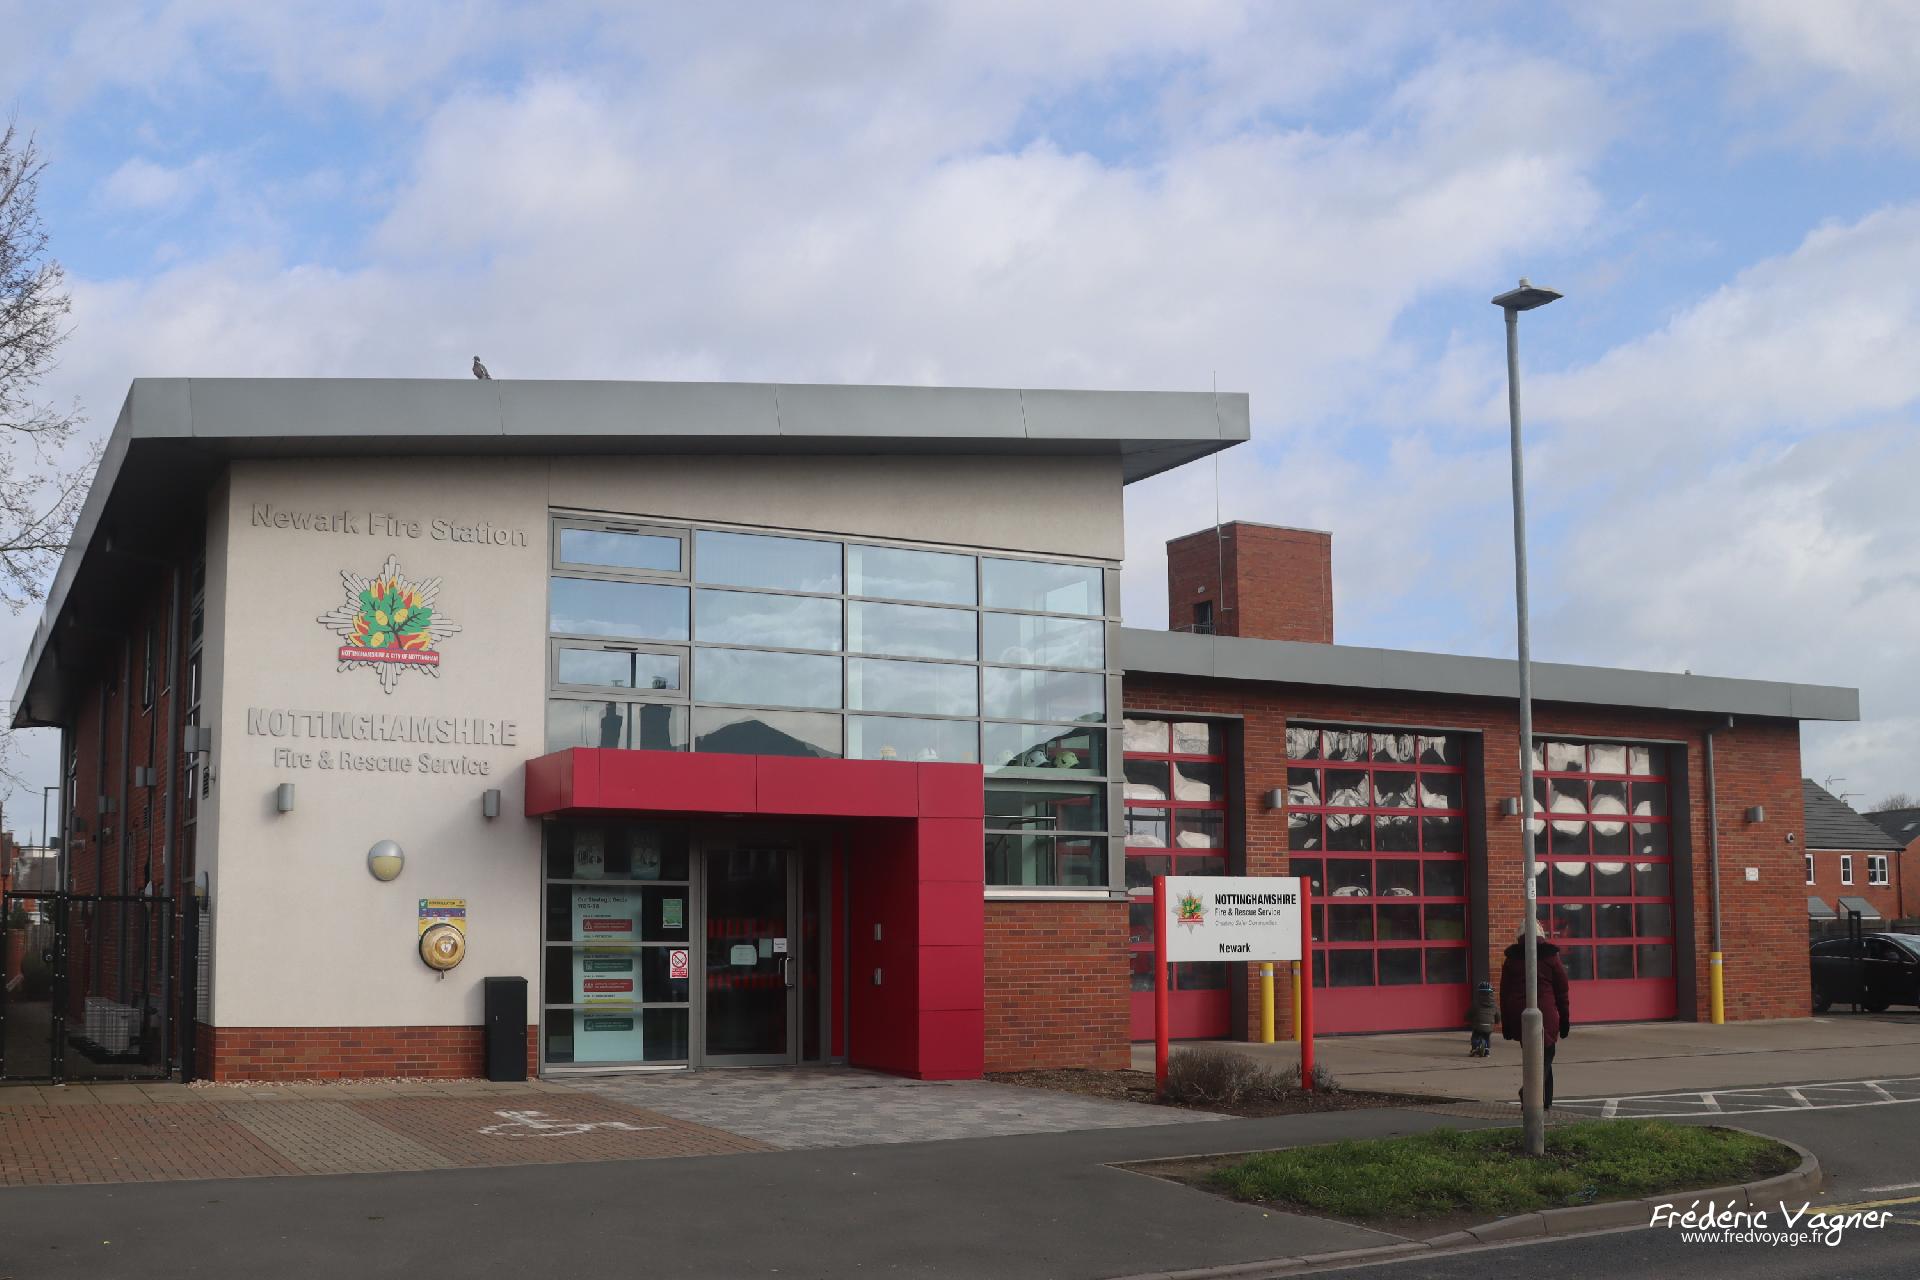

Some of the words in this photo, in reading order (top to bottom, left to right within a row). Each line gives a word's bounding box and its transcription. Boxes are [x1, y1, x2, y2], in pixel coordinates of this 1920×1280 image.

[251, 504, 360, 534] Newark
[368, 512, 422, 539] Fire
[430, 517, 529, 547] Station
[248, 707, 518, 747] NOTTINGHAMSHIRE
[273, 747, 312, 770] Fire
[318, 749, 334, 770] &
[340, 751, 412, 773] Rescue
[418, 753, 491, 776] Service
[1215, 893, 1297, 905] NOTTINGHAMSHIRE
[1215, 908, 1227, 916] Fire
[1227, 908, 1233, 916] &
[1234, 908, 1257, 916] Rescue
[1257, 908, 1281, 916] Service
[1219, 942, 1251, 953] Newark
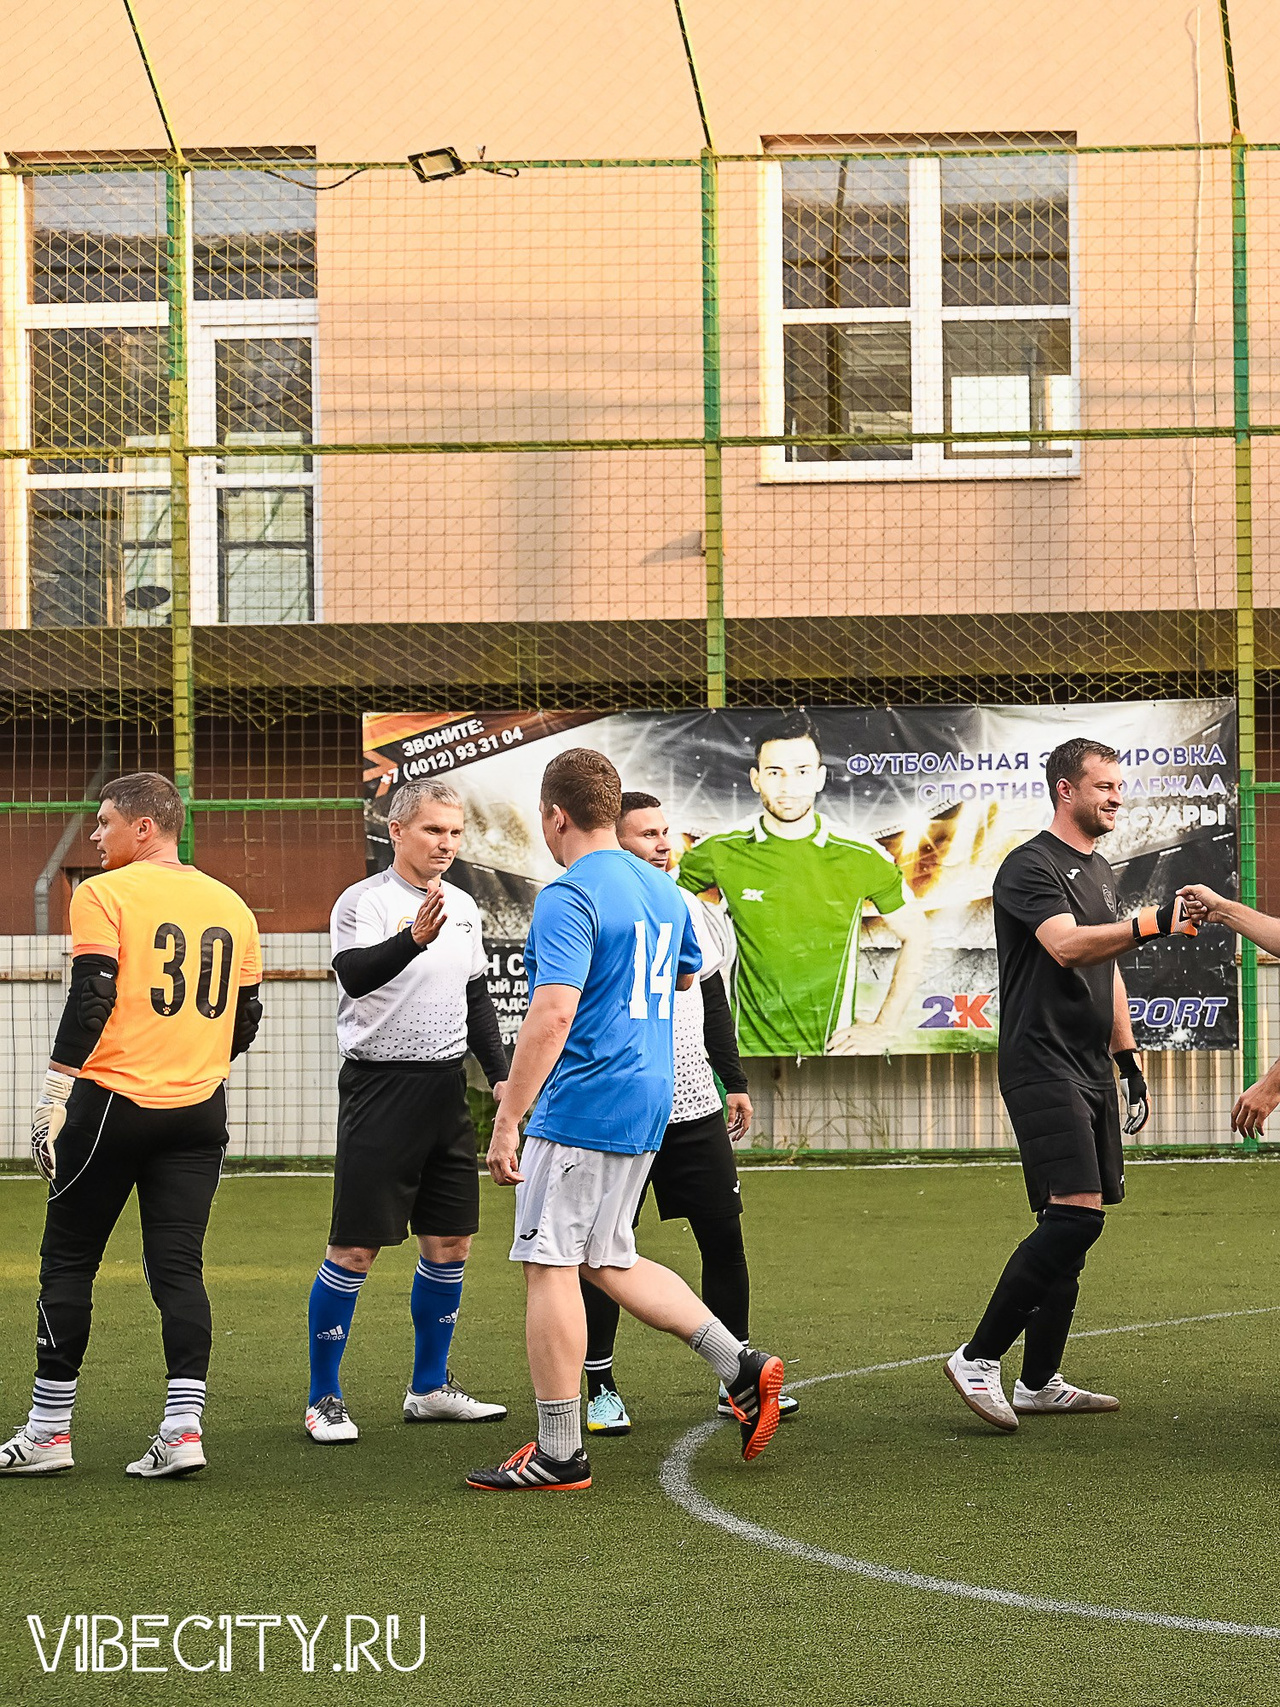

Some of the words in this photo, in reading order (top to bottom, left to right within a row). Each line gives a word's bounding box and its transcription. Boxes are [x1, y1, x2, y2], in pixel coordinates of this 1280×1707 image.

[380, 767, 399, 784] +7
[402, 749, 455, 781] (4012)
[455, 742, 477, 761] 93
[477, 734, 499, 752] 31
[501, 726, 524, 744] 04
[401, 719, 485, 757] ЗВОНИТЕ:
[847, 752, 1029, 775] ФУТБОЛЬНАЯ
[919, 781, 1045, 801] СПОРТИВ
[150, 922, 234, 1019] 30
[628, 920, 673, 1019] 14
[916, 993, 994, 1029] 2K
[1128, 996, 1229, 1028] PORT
________________
Required work => Whenever a picture appears, leave it out, and return every record exactly.

Worked solution =>
Some of the words in this photo, in reading order (top to bottom, left to right within a row). Each line gives a word's bounding box and its transcription. Boxes are [x1, y1, x2, y2], in pixel coordinates of this 1920×1280 image.

[251, 504, 360, 534] Newark
[368, 512, 422, 539] Fire
[430, 517, 529, 547] Station
[248, 707, 518, 747] NOTTINGHAMSHIRE
[273, 747, 312, 770] Fire
[318, 749, 334, 770] &
[340, 751, 412, 773] Rescue
[418, 753, 491, 776] Service
[1215, 893, 1297, 905] NOTTINGHAMSHIRE
[1215, 908, 1227, 916] Fire
[1227, 908, 1233, 916] &
[1234, 908, 1257, 916] Rescue
[1257, 908, 1281, 916] Service
[1219, 942, 1251, 953] Newark

Some of the words in this photo, in reading order (top to bottom, left to right within a row). Each line gives a word's bounding box and its transcription. Boxes are [x1, y1, x2, y2], in pixel coordinates of this 1280×1707 image.

[380, 767, 399, 784] +7
[402, 749, 455, 781] (4012)
[455, 742, 477, 761] 93
[477, 734, 499, 752] 31
[501, 726, 524, 744] 04
[401, 719, 485, 757] ЗВОНИТЕ:
[847, 752, 1029, 775] ФУТБОЛЬНАЯ
[919, 781, 1045, 801] СПОРТИВ
[150, 922, 234, 1019] 30
[628, 920, 673, 1019] 14
[916, 993, 994, 1029] 2K
[1128, 996, 1229, 1028] PORT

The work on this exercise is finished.